__WORK INSTRUCTIONS__
Reproduce the whole of the records exactly, and make sure no picture is carried into the result.

**** MATERIAL PROVIDED ****

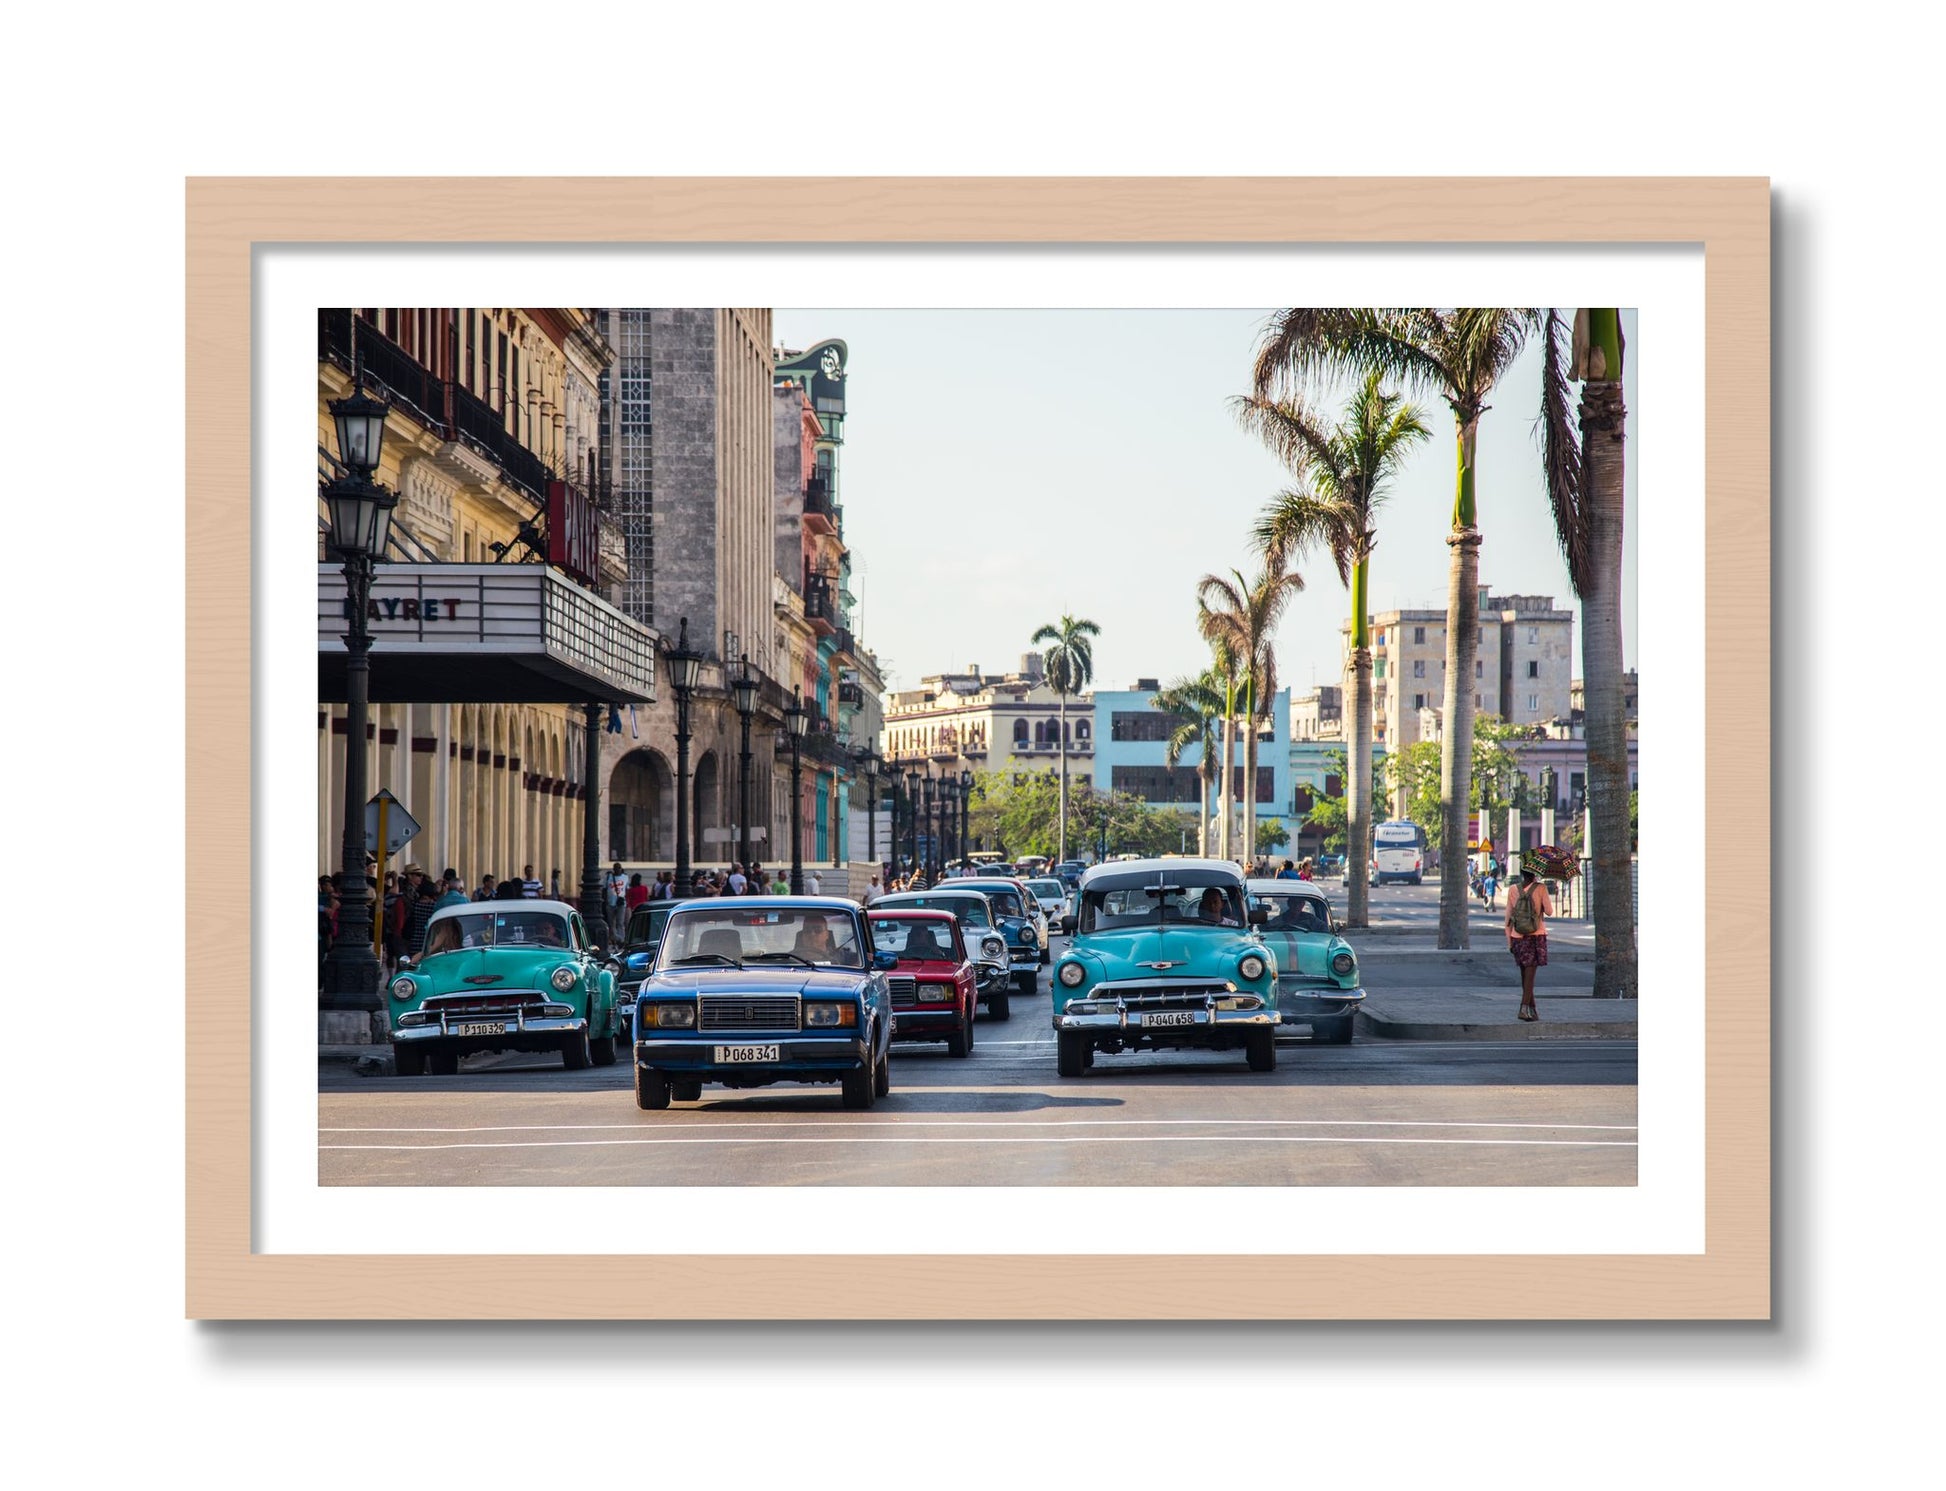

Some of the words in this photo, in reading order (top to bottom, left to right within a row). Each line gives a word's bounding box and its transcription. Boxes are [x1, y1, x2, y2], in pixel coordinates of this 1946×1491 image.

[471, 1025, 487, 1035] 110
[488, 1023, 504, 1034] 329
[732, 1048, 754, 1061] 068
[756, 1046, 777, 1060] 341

****

__RESPONSE TO THIS EXERCISE__
Some of the words in this photo, in reading order (top to bottom, left to right within a row). Each line gives a word's bounding box and its transcription. Boxes are [x1, y1, x2, y2], in pixel coordinates of this 1946×1491 image.

[471, 1025, 487, 1035] 110
[488, 1023, 504, 1034] 329
[732, 1048, 754, 1061] 068
[756, 1046, 777, 1060] 341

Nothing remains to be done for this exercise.